イケートゥムには彼女に魔法を使わせるつもりはないらしい。
霊剣の加護によって大幅なレベルアップを果たしつつあるミリアだが、それでもこの間合いで魔法を使おうとすると隙が生じるようだ。
霊剣が、声ならざる言葉で助言する。
(敵は積極的には魔法を使おうとしていない。
御辺の剣が本当に効かぬなら、そんなものは無視して魔法で範囲攻撃をすればよいものを、だ)
「あっ……えーと、つまり……!」
ミリアは思い至った。
(魔法相手には無敵じゃないし、魔法を使ってる間は、硬くなれない!
だからさっきボクが横から入った時は避けたんだ!)
それまでよりも、冴えた感覚。これも霊剣の加護というものか?
ミリアは霊剣で、再び魔石人に斬りかかった。
魔石人は動くことなく、体表でそれを受け止めるだろう。
そして、彼女の攻撃直後の隙に対し、反撃を行うはずだ。
だが、ミリアはそこで、レベルアップによって新たに得ていた呪文を唱えた。
「エンチャント・サンダー!」
ばちばちと、霊剣の刃から火花が散る。
雷の魔力が霊剣へと乗り移り、硬さ、鋭さとは異なる威力を付与したのだ。
雷属性を得た霊剣の刃。魔法攻撃は相殺防御していたイケートゥムに、通じるか?
「!!」
果たして、魔石人はこれを跳躍して回避した。
「マジックミサイルズッ!」
更に、再度シリルの魔術が飛来する。
イケートゥムを狙って飛来するそれらの魔術弾を、イケートゥムは両手両足を振り回して回避していく。
が、今度はそこを、ミリアが狙う番だった。
「うりゃあっ!!」
疾走、一太刀!
雷属性のこもった一撃が、イケートゥムを捉える。
だが、
「インカンターレ」
同様のことができるのか、魔石人は鋭い手刀に魔法を付与し、これを受け止めた。
やはり弾かれる霊剣。イケートゥムは四肢の全てを剣状に変化させ、更にそこへ魔法属性を付与したようだった。
敵は不動ではなく、回避か、防御を選んだ。属性付与は通用するのだ。
しかし。
「う……!」
変幻自在、上下左右から襲い掛かる刃を、ミリアはかろうじて捌き続ける。
この激しい連撃の最中にも、霊剣を通して流れ込んでくる過去の戦闘経験が、ミリアの技量を高めているのだ。
彼女の腰に括り付けられたスィナーンが、喚く。
「ちょ、ヤバい! 今カスった!?」
「…………」
彼には悪いが、ミリアはそれを黙殺して防御に専念した。
敵の攻撃は凄まじいが、見える。
見えてくる。
攻撃を一手弾くごとに、半身をずらしてかわすごとに、過去の記憶が蘇ってくる。
それは正確にはミリアの記憶ではないが、無数の戦いの思い出が、自分のものであるかのように感じられてくる。

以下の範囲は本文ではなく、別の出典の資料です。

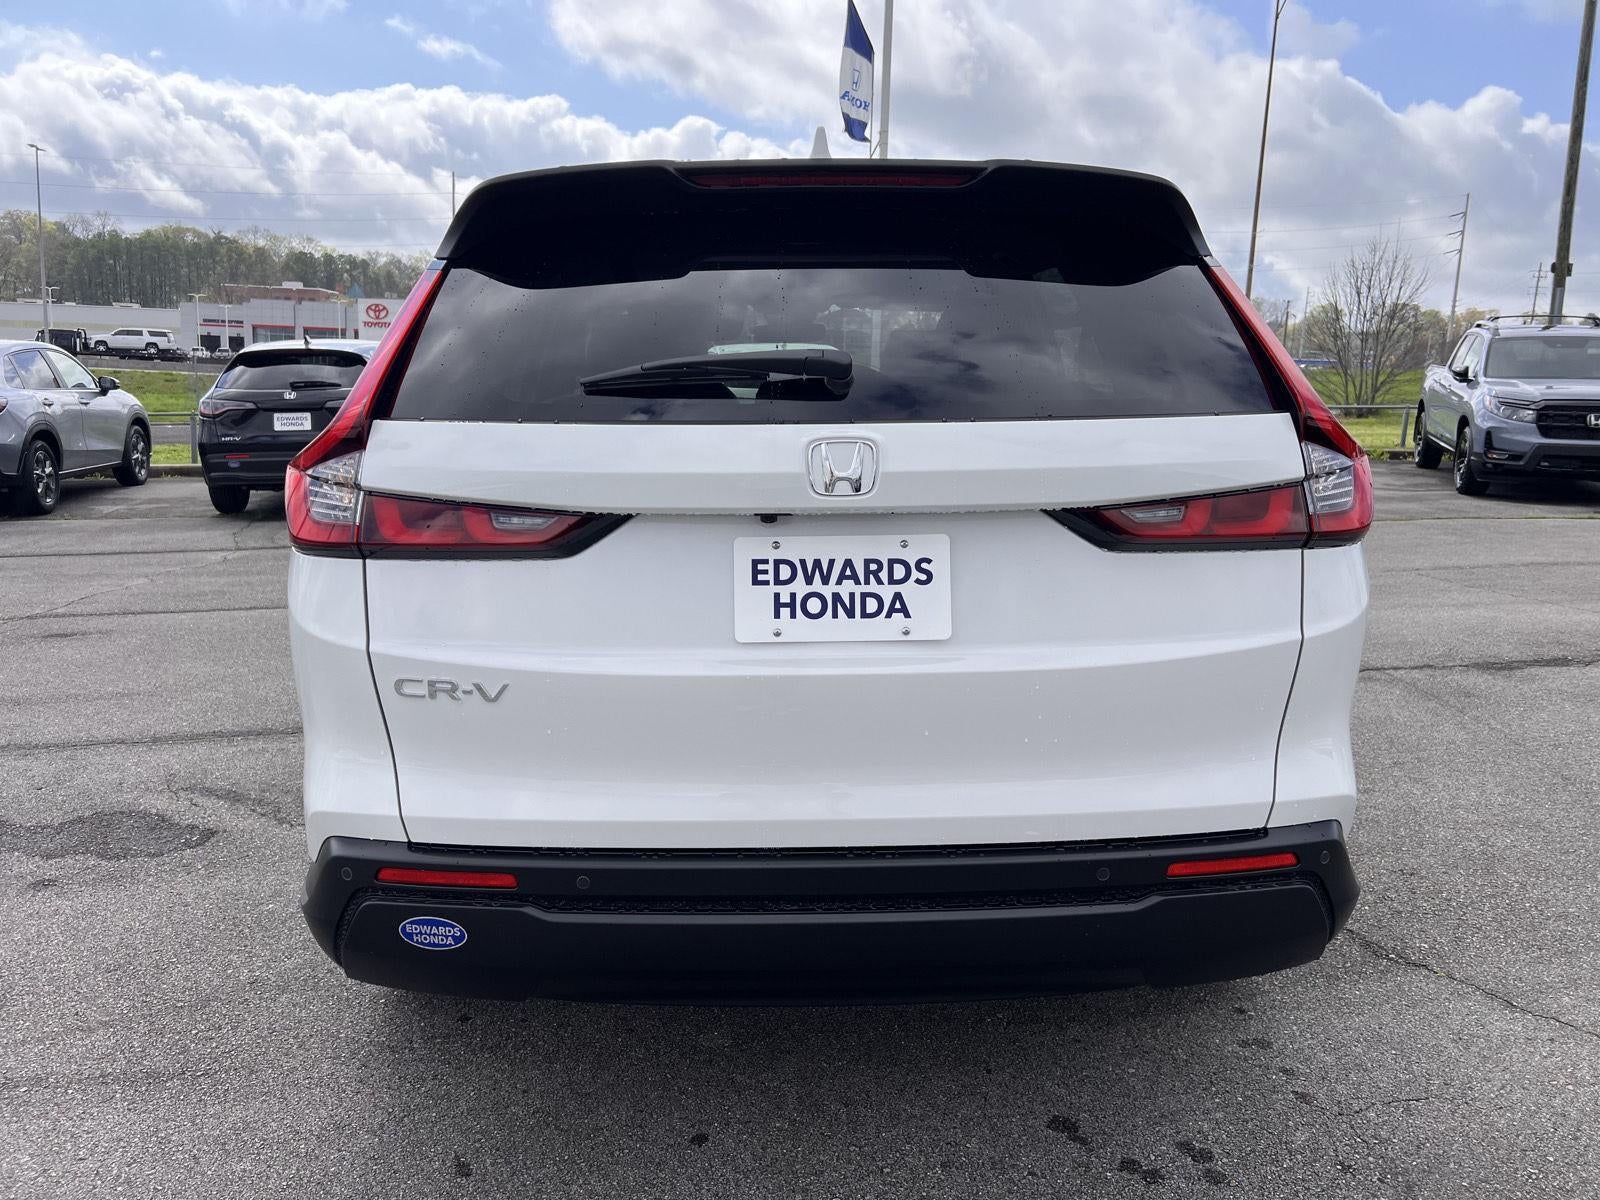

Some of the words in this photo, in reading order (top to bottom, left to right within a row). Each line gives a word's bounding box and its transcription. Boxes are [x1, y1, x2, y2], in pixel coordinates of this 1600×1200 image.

[751, 557, 934, 586] EDWARDS
[773, 591, 912, 620] HONDA
[394, 678, 509, 702] CR-V
[405, 923, 461, 937] EDWARDS
[412, 933, 455, 945] HONDA

今やミリアは、元の持ち主であるグリュク同様に、数百年を戦い続けた魔法剣士の境地に近づきつつあった。
(そこ――)
研ぎ澄ました一撃を、激しい攻撃の隙間に差し込む。
容易なことではない。だが、可能だった。
雷属性を帯びた霊剣の刃が、魔石人の左肩口を捉え――貫いた。
「む」
残る三肢による反撃が来るが、しかしミリアは素早い蹴りで敵の胴を蹴り、これを回避した。
身体強化の魔法はかかっていないが、霊剣の加護によって各種のステータスが上昇しているのだ。

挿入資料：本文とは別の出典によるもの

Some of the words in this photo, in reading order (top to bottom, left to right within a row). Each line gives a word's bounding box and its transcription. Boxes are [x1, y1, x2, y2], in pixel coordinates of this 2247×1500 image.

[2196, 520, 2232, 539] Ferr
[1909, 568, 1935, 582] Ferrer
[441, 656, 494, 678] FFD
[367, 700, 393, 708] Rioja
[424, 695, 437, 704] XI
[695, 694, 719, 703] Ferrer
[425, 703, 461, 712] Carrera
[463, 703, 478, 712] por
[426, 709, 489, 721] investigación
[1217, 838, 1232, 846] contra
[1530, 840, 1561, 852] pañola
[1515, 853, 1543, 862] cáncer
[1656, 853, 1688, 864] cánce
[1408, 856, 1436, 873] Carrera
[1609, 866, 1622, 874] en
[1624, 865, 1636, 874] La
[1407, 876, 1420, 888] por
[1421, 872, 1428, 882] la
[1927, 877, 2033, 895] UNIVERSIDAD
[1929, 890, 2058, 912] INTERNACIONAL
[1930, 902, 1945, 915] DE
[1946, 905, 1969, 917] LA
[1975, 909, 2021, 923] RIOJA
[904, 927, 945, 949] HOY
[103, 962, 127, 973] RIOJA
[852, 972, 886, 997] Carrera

極度に集中し、しかし静まり返った五感に密かに感嘆しながら、ミリアはイケートゥムを見据えた。
「マジックミサイルズ!」
それを再三襲う、シリルのマジックミサイルの群れと共に。
魔石人は魔術の飛翔体を、魔法で迎撃するか? 回避に専念するか?
いずれにせよそこに出来た隙を狙い、今度は致命打を与える。
(殺しちゃうのかな――いや、今は考えるべきじゃないことか……!)
ミリアはそう考えつつも、構えた。
だが、イケートゥムの反応は予想とやや違った。
「――!?」
瞬間、魔石人は変形していた。
それは、狼か何かを思わせる形態だった。
虹色に輝く四足獣――魔石獣形態とでも呼ぶべきものか。
ミルフィストラッセが感嘆する。
(速い!)
電光石化、とはまさにこのことだろう。
流線型をした虹色の獣は雷鳴のごとき速度でミリアへと肉薄し、その四肢から伸びた鋭い爪で肉体を引き裂く――
――ことは、叶わなかった。
次の瞬間には、魔石獣は縦に両断されていた。
額を床にこすりつけかねないほどに姿勢を下げて、ミリアが構えた霊剣によって。
「……ごめん!」
ミリアが陳謝すると、魔石獣の残骸は飛びかかった勢いのままガリガリと回廊の床を擦り、後方のシリルの近くまで滑って停止した。
彼は注意深くその残骸から離れ、ミリアに呼びかける。
「……もう他に障害は無いみたいだね。行こう、ミリアさん」
「うん」
ミリアはミルフィストラッセを鞘に納めると、シリルと共に巨大な門に向かった。
門には既に、先程のシリルの魔術で大きな穴が開いていた。
人一人が立って通れるほどだ。
霊剣が、音ではない声で言葉にした。
(いよいよ黒幕……恐らくは、不死の聖女リカーシャ・カインとまみえる時か)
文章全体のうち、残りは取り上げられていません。